「今私は幸せだ」
このたった6文字を、ふと口に出してみる。
すると、不思議なことに、少しだけ心が軽くなる。
もちろん、それが本当かどうかなんてわからない。
ただの言葉遊びかもしれないし、願望を言っているだけかもしれない。
でも、「幸せだと思えば幸せだ」というのも、真実だ。
逆に言えば、「不幸せだと思えば不幸せ」になるのもまた人間だ。
幸せの感じ方なんて、結局は人それぞれで、絶対的な基準なんて存在しない。
高さがあるから、低さが際立つ。
低いところから高いところへ行けば、人は「幸せだ」と感じるし、
高い場所から落ちれば、同じ日常も急にみすぼらしく見える。
辛い日々のあとに、小さな喜びが訪れたとき、
それだけで胸がじんわり温かくなる。
反対に、楽しい日々のあとに、突然の苦しみが来れば、
たとえ些細なことでも、大きく落ち込んでしまう。
つまり、幸せとは「高さの差分」で感じるものなのかもしれない。
だけど、ふと思った。
じゃあ、高さを変えずに幸せになる方法はないのか?
そこで浮かんできたのが、「横移動」という発想だった。
たとえば、自分がちょっと持っているものを、誰かにそっと渡す。
それだけで、自分の中にも幸せが生まれる。
ドーナツを1個、あげるね
特別なことじゃない。
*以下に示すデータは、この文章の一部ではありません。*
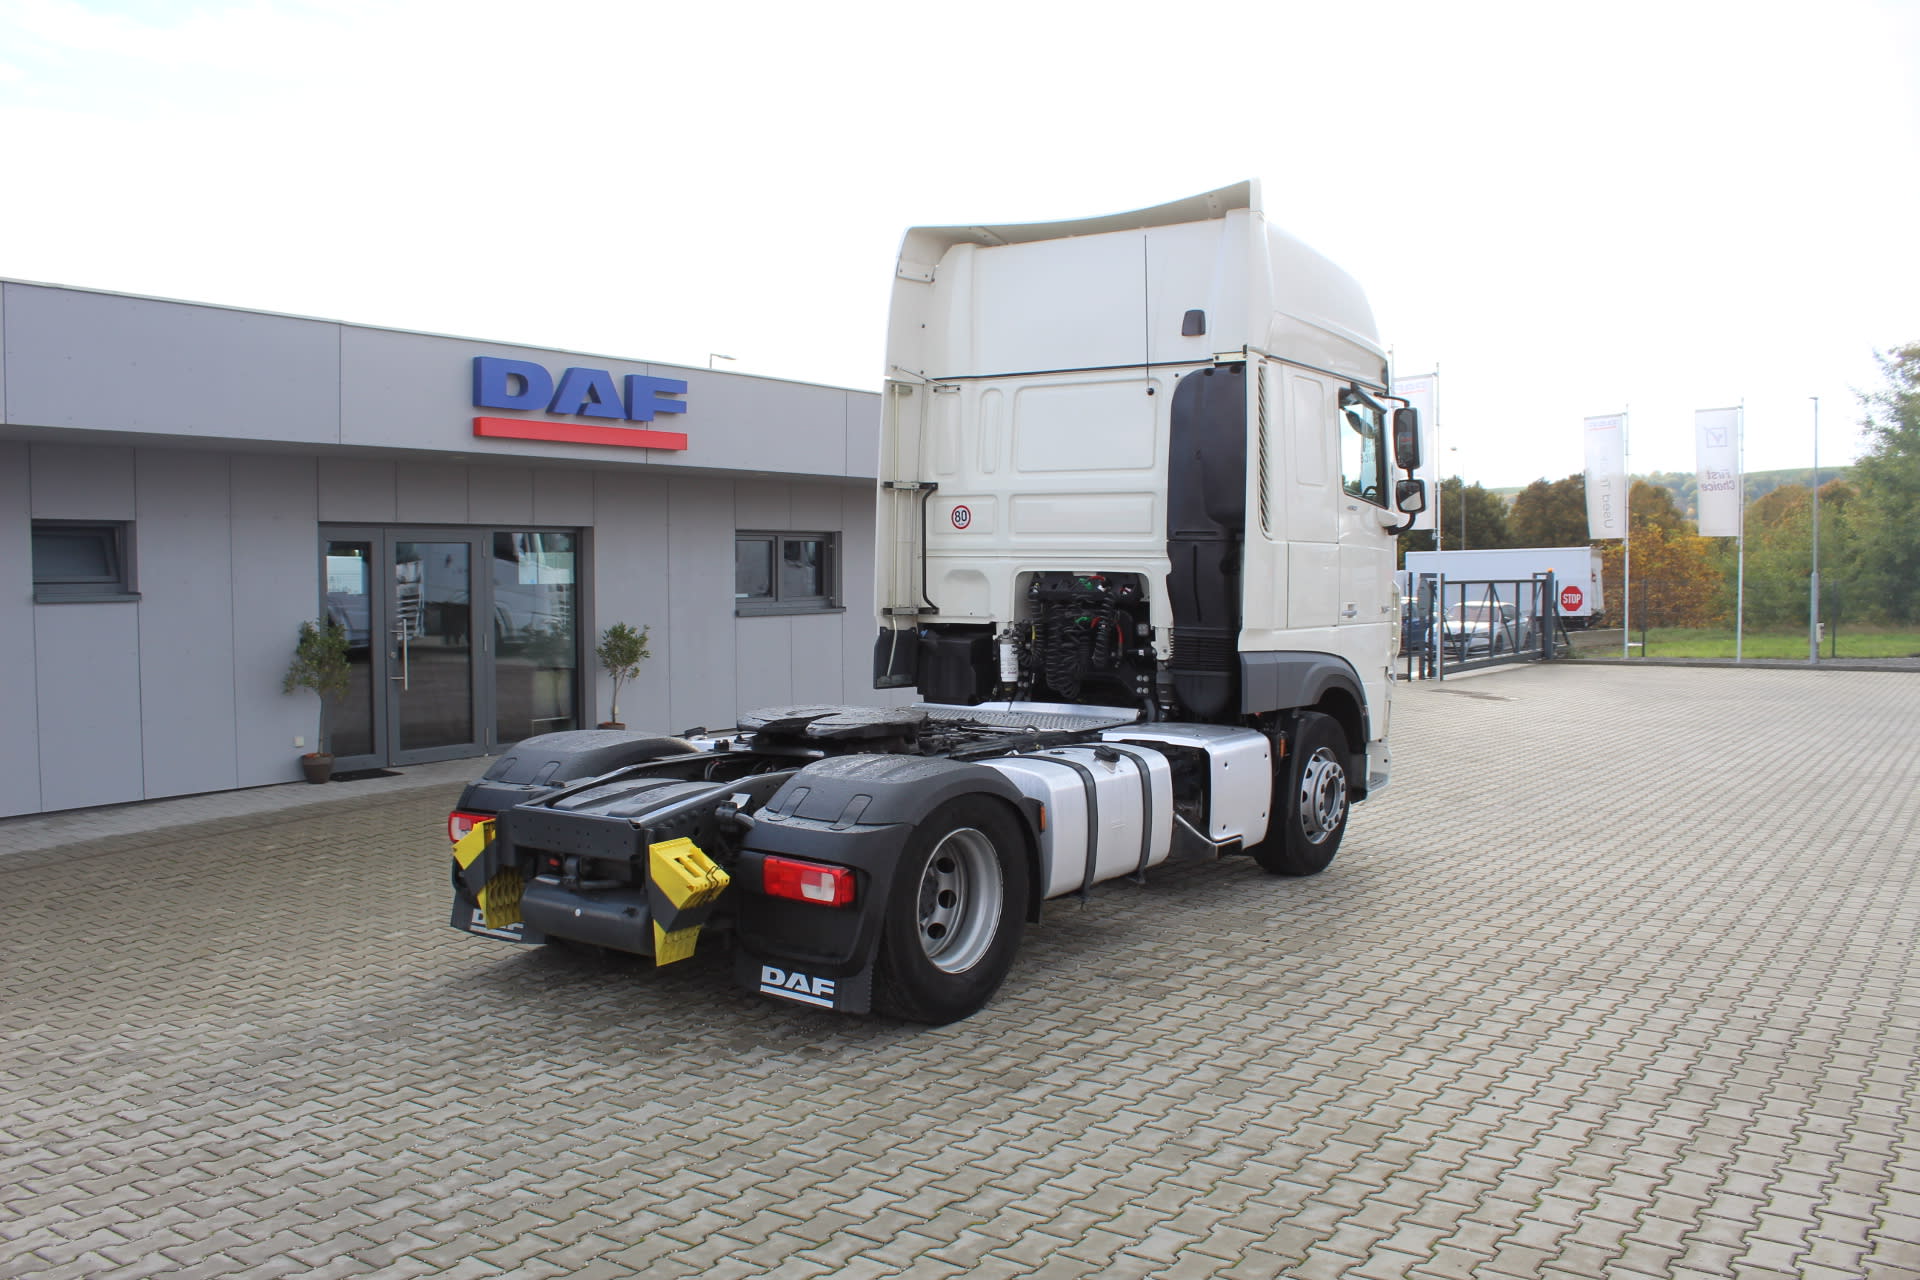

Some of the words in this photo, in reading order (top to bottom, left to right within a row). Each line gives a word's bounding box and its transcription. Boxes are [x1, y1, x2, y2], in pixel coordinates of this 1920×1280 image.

[473, 356, 688, 422] DAF
[955, 510, 967, 523] 80
[1563, 593, 1581, 604] STOP
[761, 965, 835, 996] DAF
ただ、1個のドーナツを手渡すだけ。
相手が笑って「ありがとう」と言ってくれると、
その笑顔に、なぜかこちらの心もふわっと温かくなる。
たぶんそれは、「高さの変化」じゃなくて、「気持ちの横移動」。
幸せって、自分の中だけで完結させるものじゃない。
まわしていくものなんだ。
手渡しのドーナツみたいに、あたたかく、甘く、やさしく。
だから今日、もしあなたの手元にドーナツが1個あったら、
誰かにそっと渡してみてほしい。
するときっと、こう思うはずだ。
「今私は幸せだ」——と。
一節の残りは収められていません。